RAW DATA ::

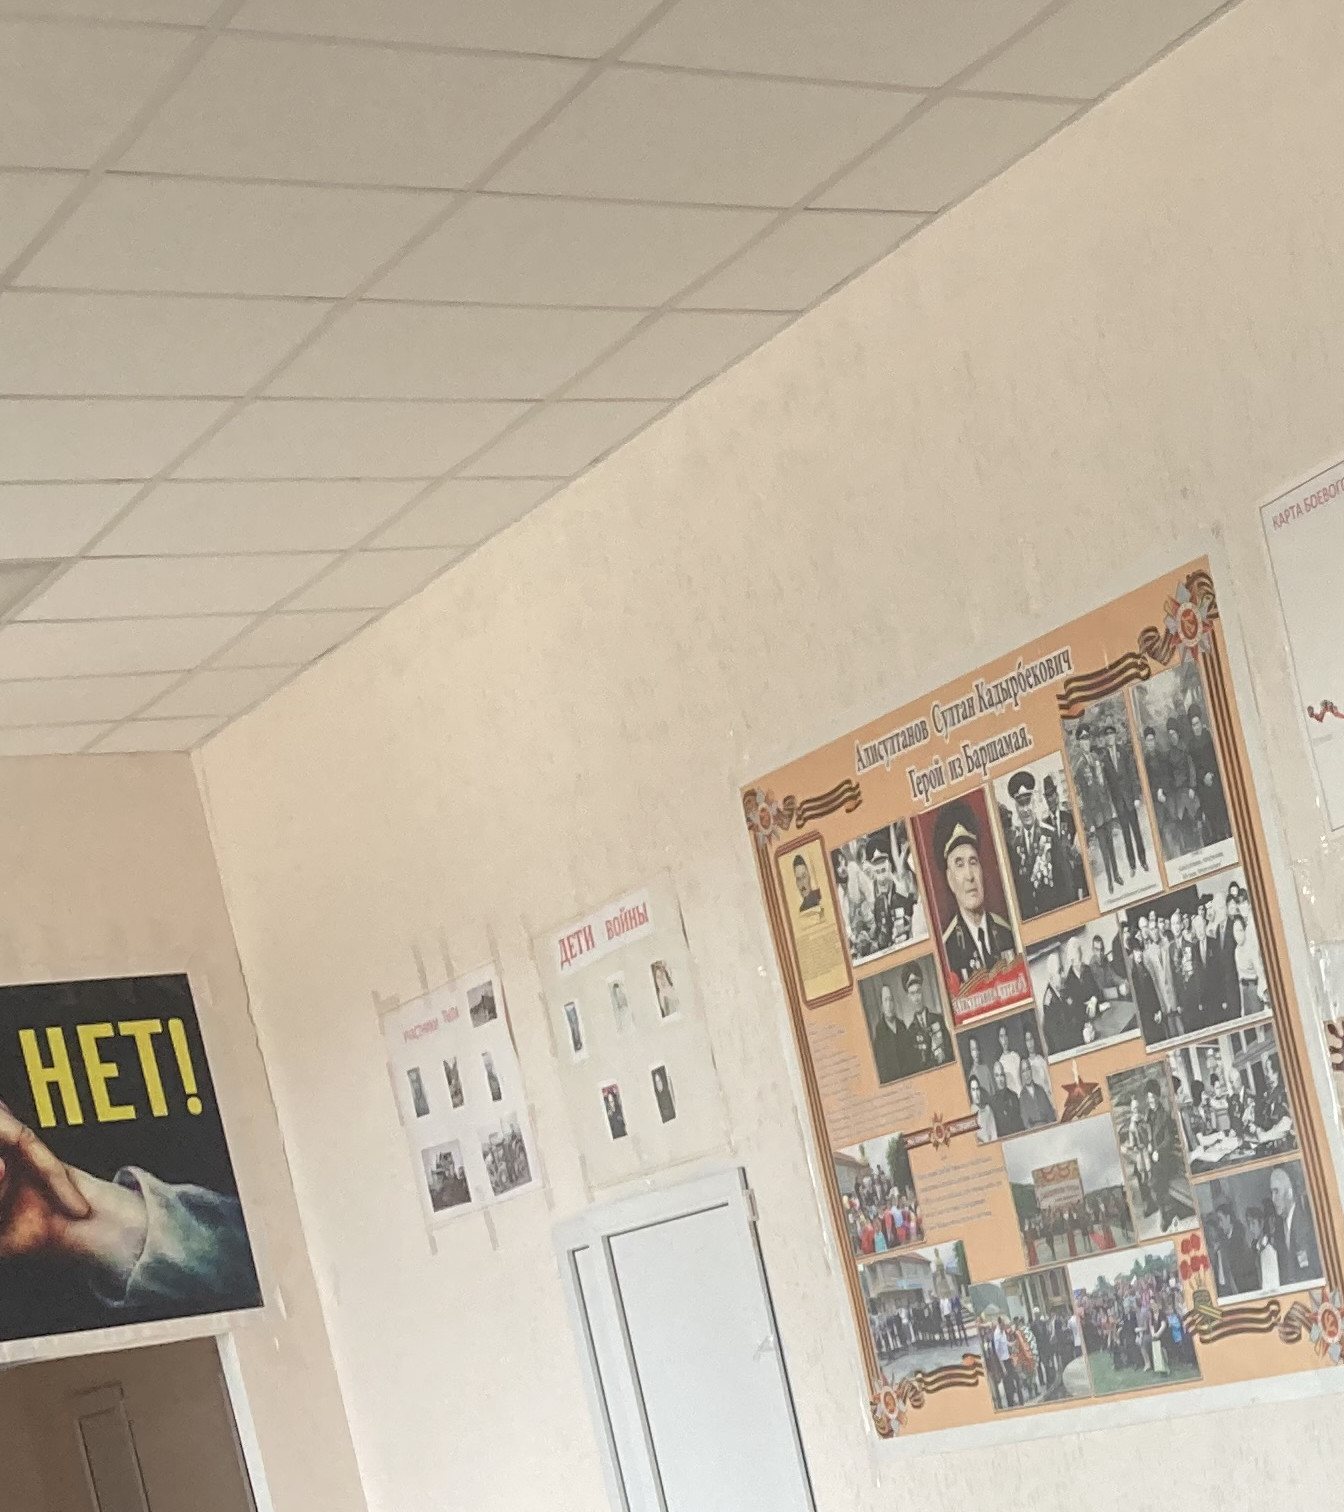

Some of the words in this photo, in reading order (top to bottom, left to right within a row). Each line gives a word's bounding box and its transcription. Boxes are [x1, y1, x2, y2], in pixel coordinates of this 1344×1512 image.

[1272, 503, 1304, 530] КАРТА
[856, 719, 929, 772] Алисултанов
[931, 698, 976, 741] Султан
[975, 649, 1072, 707] Кадырбекович
[908, 758, 945, 802] Герой
[949, 760, 965, 780] из
[558, 924, 595, 970] ДЕТИ
[18, 1017, 204, 1128] НЕТ!
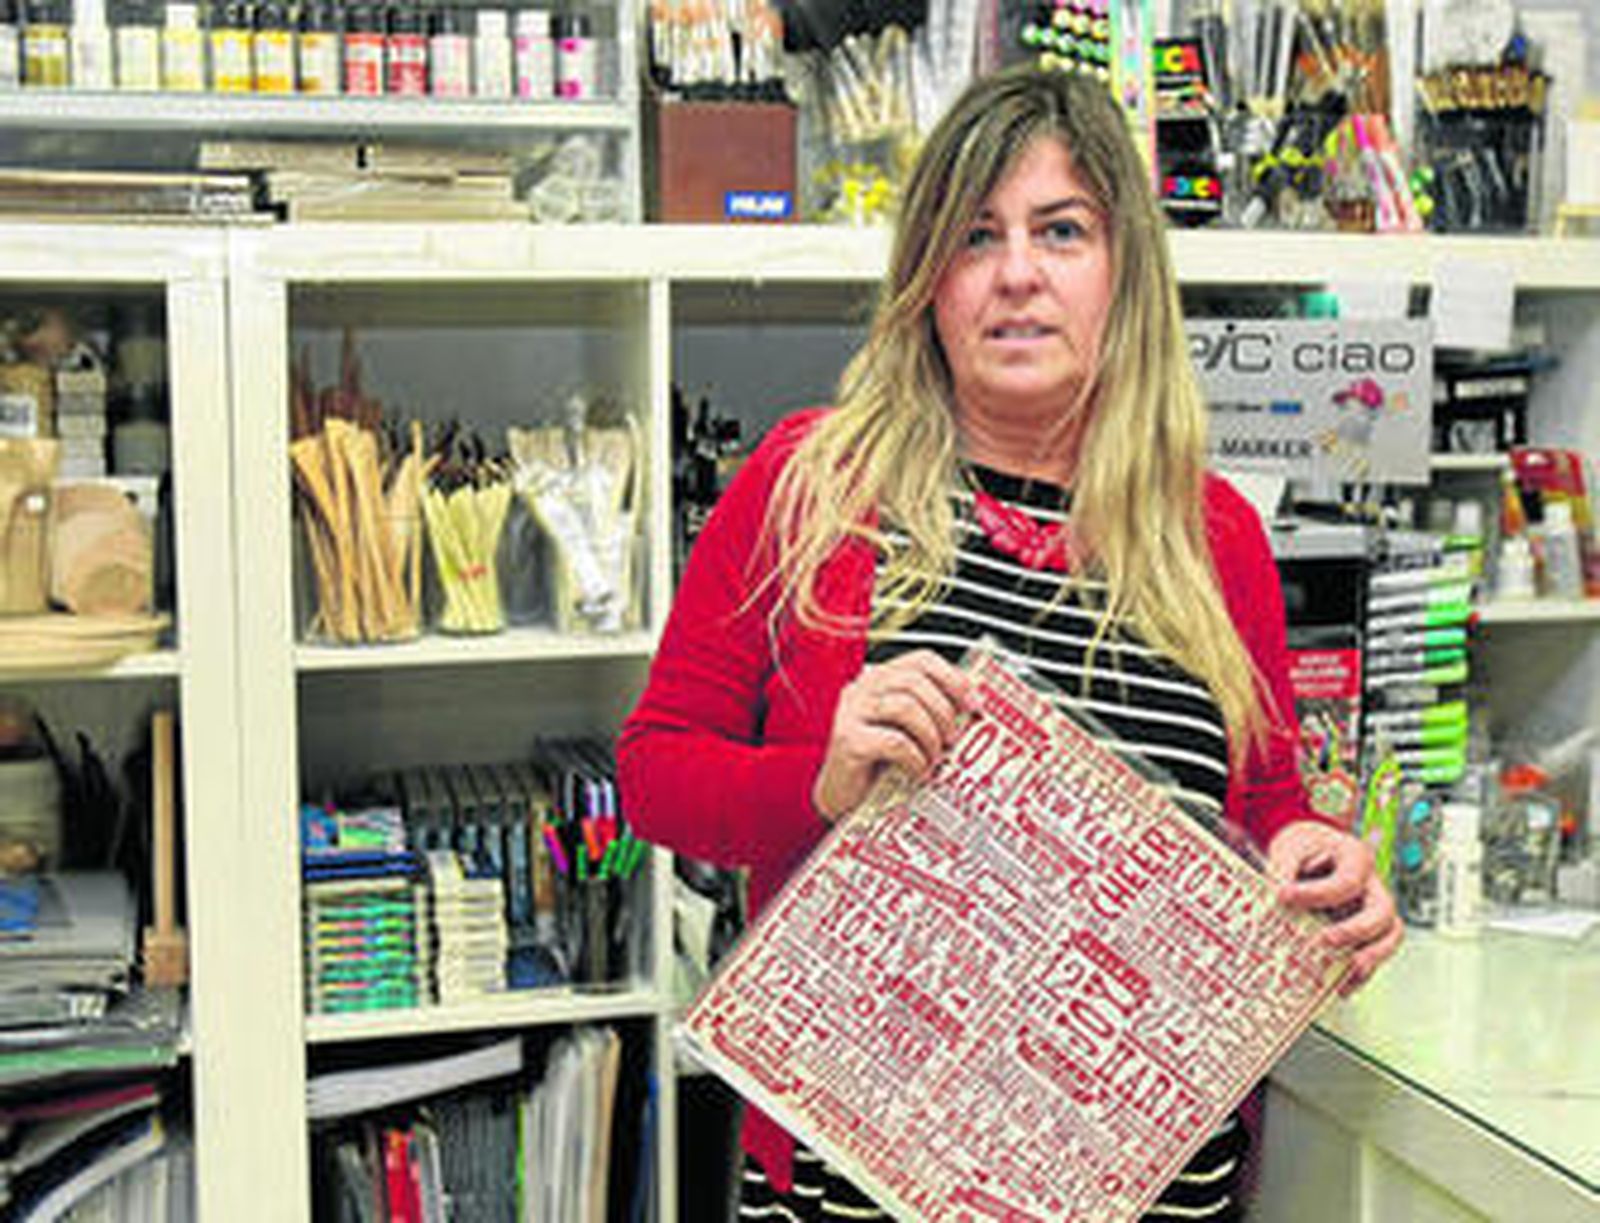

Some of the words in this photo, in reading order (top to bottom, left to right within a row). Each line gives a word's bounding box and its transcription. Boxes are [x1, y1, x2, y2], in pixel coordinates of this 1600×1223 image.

[1292, 331, 1415, 373] ciao
[1219, 436, 1312, 458] MARKER
[1085, 821, 1180, 926] CHEER
[1031, 945, 1088, 1004] 12
[1050, 971, 1138, 1061] JOY
[1091, 1038, 1197, 1136] HARK

EXERCISE OBJECTIVE :: All of the records should be output exactly as they stand, with pictures omitted.

RESPONSE TO THE EXERCISE ::
Some of the words in this photo, in reading order (top to bottom, left to right within a row). Each line gives a word's bounding box and its transcription. Boxes are [x1, y1, x2, y2], in pixel coordinates of this 1344×1512 image.

[1272, 503, 1304, 530] КАРТА
[856, 719, 929, 772] Алисултанов
[931, 698, 976, 741] Султан
[975, 649, 1072, 707] Кадырбекович
[908, 758, 945, 802] Герой
[949, 760, 965, 780] из
[558, 924, 595, 970] ДЕТИ
[18, 1017, 204, 1128] НЕТ!

Some of the words in this photo, in reading order (top to bottom, left to right within a row). Each line gives a word's bounding box and its transcription. Boxes are [x1, y1, x2, y2], in pixel coordinates of this 1600×1223 image.

[1292, 331, 1415, 373] ciao
[1219, 436, 1312, 458] MARKER
[1085, 821, 1180, 926] CHEER
[1031, 945, 1088, 1004] 12
[1050, 971, 1138, 1061] JOY
[1091, 1038, 1197, 1136] HARK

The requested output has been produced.